The Bush Admninistration warned yesterday that intelligence services have received a stream of non-specific data indicating that al-Qaeda intends on disrupting the upcoming election with a "catastrophic" attack -- perhaps more than one:

Osama bin Laden and his chief lieutenants, operating from hideouts suspected to be along the Afghanistan-Pakistan border, are directing a Qaeda effort to launch an attack in the United States sometime this year, senior Bush administration officials said on Thursday. ...

Counterterrorism officials have said for weeks that they are increasingly worried by a continuing stream of intelligence suggesting that Al Qaeda wanted to carry out a significant terror attack on United States soil this year. But until the comments of the senior administration officials on Thursday, it was not clear that Mr. bin Laden and top deputies like Ayman Zawahiri were responsible for the concern.
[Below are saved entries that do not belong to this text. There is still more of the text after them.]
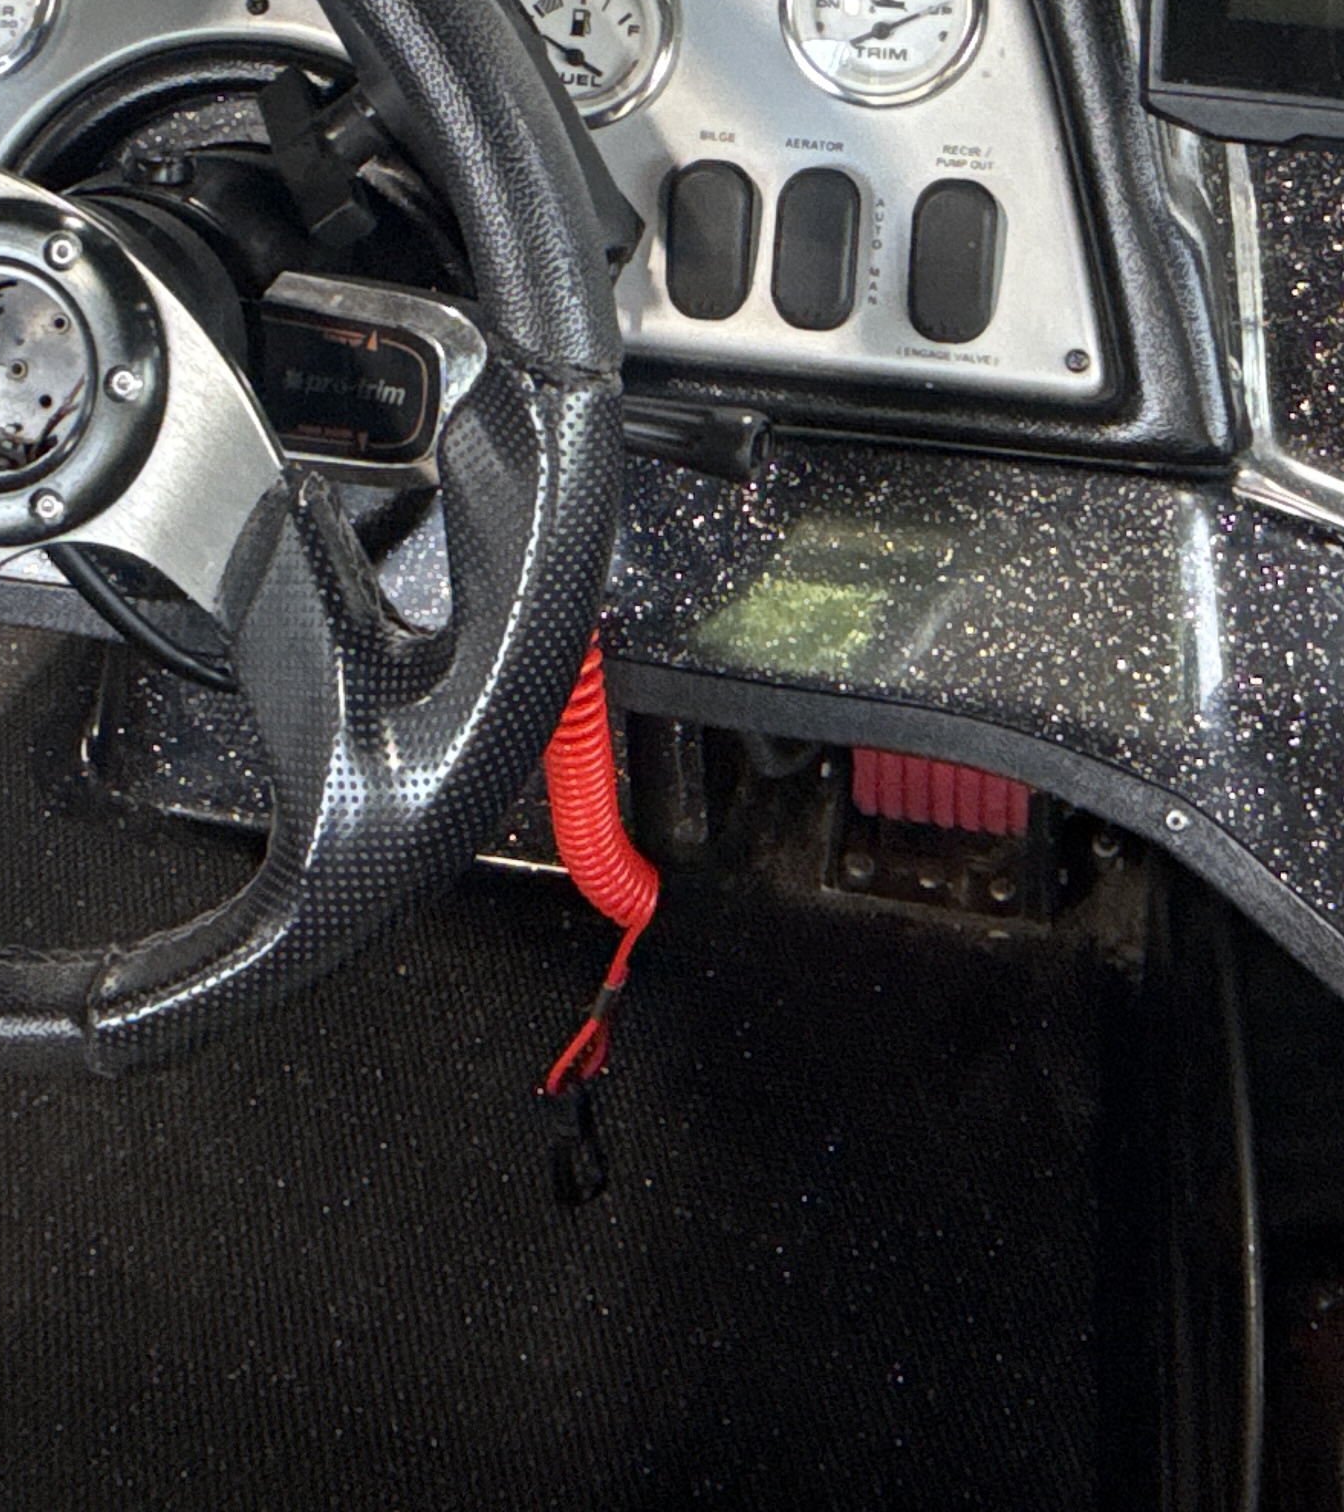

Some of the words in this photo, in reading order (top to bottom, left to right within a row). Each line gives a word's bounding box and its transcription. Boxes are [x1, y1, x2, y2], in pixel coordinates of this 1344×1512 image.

[627, 24, 640, 36] F
[856, 46, 908, 61] TRIM
[560, 72, 602, 88] UEL
[699, 130, 736, 142] BILGE
[785, 138, 844, 152] AERATOR
[970, 160, 994, 170] OUT
Another senior administration official said on Thursday that the intelligence reports - apparently drawn partly from interviews with captured Qaeda members and partly from other intelligence - referred to efforts "to inflict catastrophic effects" before the election.

I'm sure you have all read about this briefing, and normally I wouldn't bother to post about it -- after all, the warning is rather straightforward and doesn't include a lot of specifics. However, it's apparent from the reactions of other elected officials, the media, and the punditry, that plenty of people have forgotten that we're still at war.
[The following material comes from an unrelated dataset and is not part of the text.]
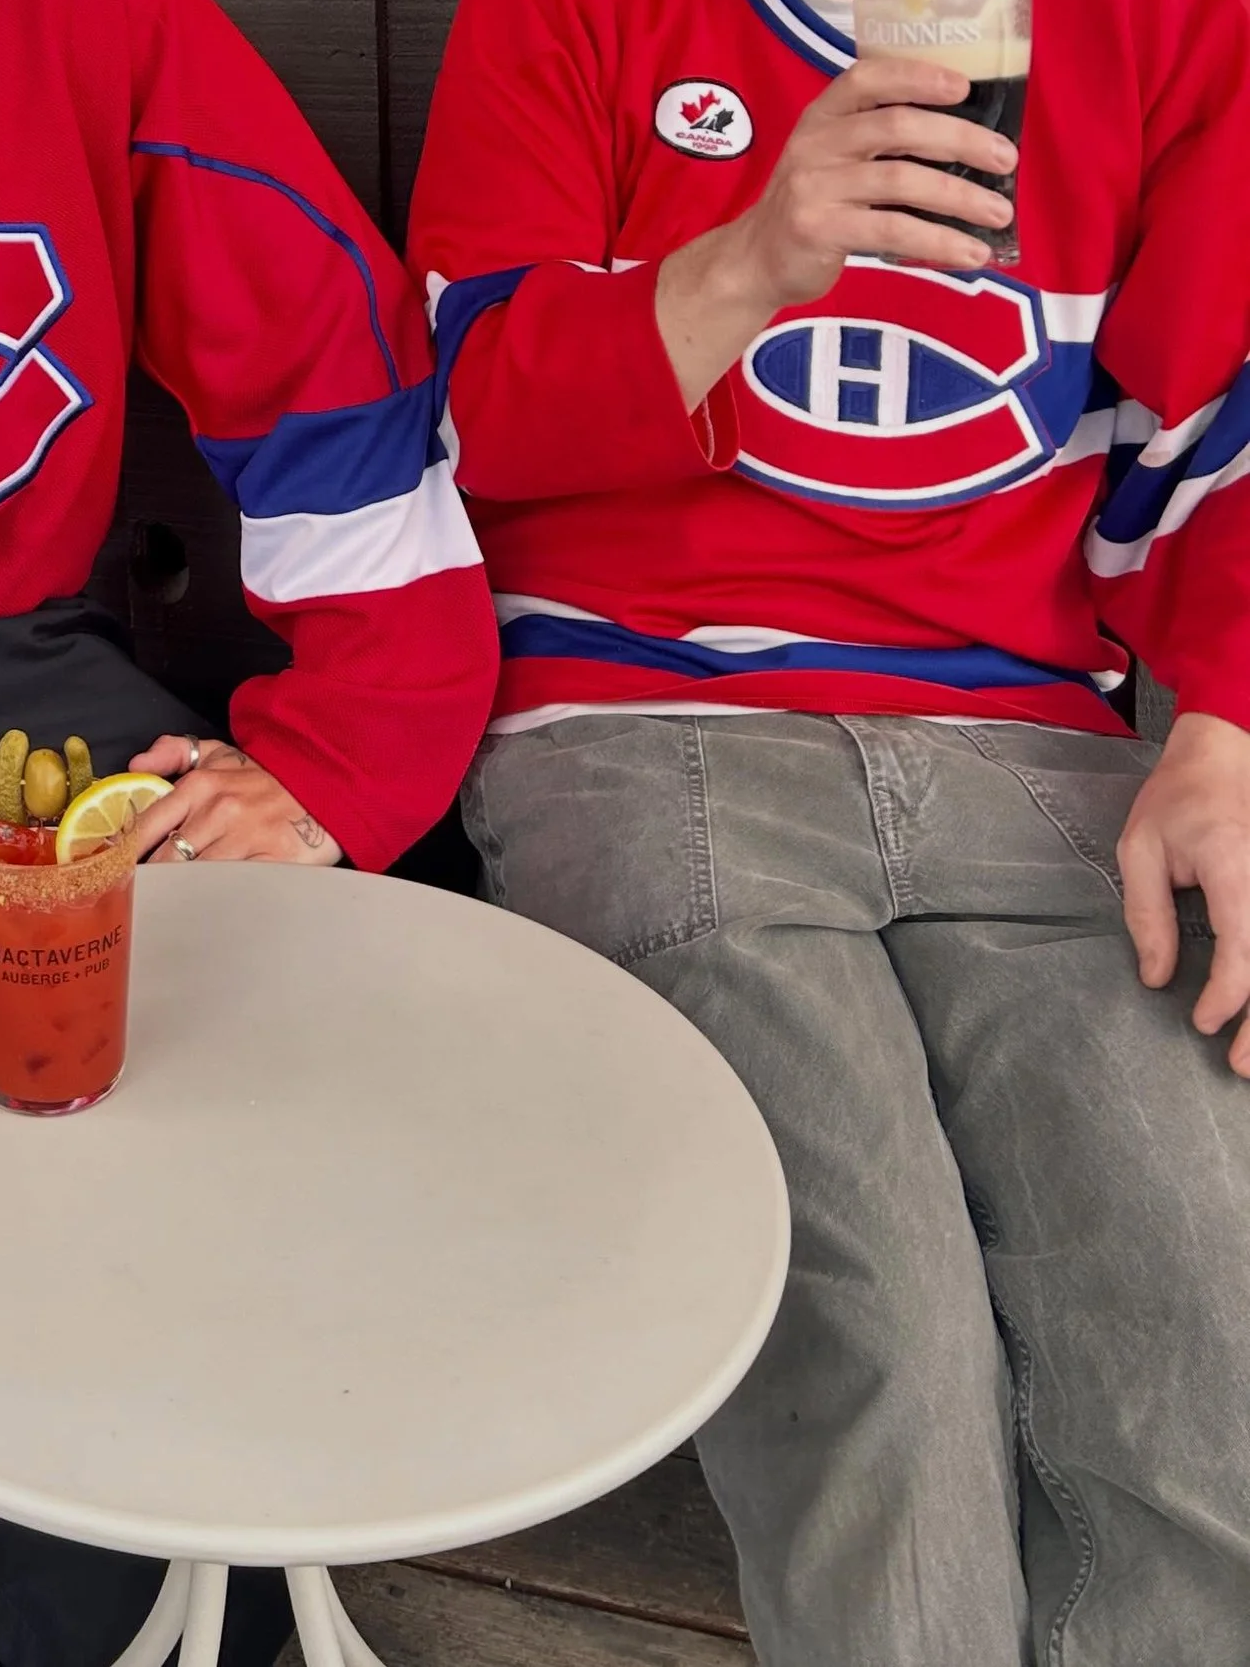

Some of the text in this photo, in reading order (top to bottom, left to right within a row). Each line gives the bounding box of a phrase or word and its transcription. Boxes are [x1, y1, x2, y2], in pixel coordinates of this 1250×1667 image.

[864, 18, 982, 46] GUINNESS
[675, 132, 733, 147] CANADA
[1, 971, 70, 985] AUBERGE
[85, 958, 110, 978] PUB
Take Congress, for example. Yesterday, the Patriot Act barely survived an amendment that would have emasculated investigative abilities to track terrorists operating Internet stations in libraries -- despite the requirement of a warrant from a federal judge. The Republicans struggled to defeat the bill by extending the vote to get to a 210-210 tie. Vermont's Bernard Sanders, the only Independent in Congress and the bill's author, had this to say:

"All of us want to support the law enforcement officials going after terrorists, but we can defeat terrorism without allowing the government to get a secret order from a secret court without any showing of any evidence that the person whose reading records are sought is engaged in any kind of illegal conduct."

Sanders says we can defeat terrorists by having intelligence agents appear in open court and disclose their sources and their methods. Do you think that it works that way? Of course not. Sanders and the other 209 Representatives who voted for this bill have reversed course and now live in a perpetual September 10th, where the only threat to the US was from its own jack-booted law-enforcement organizations and where terrorists only attacked other countries ... like Israel.

But Sanders and his brother ostriches have their counterparts in the media as well, although that fact will surprise no one who reads blogs or even more than one newspaper a day. The New York Times regularly runs Paul Krugman's column, an economist who used to discuss economics several years ago, but now uses his column to reflexively bash the Bush administration. In today's entry, Krugman accuses Bush of issuing updates on the war to distract people from what's really important ... health care:

Will actual policy issues play any role in this election? Not if the White House can help it. But if some policy substance does manage to be heard over the clanging of conveniently timed terror alerts, voters will realize that they face some stark choices. Here's one of them: tax cuts for the very well-off versus health insurance.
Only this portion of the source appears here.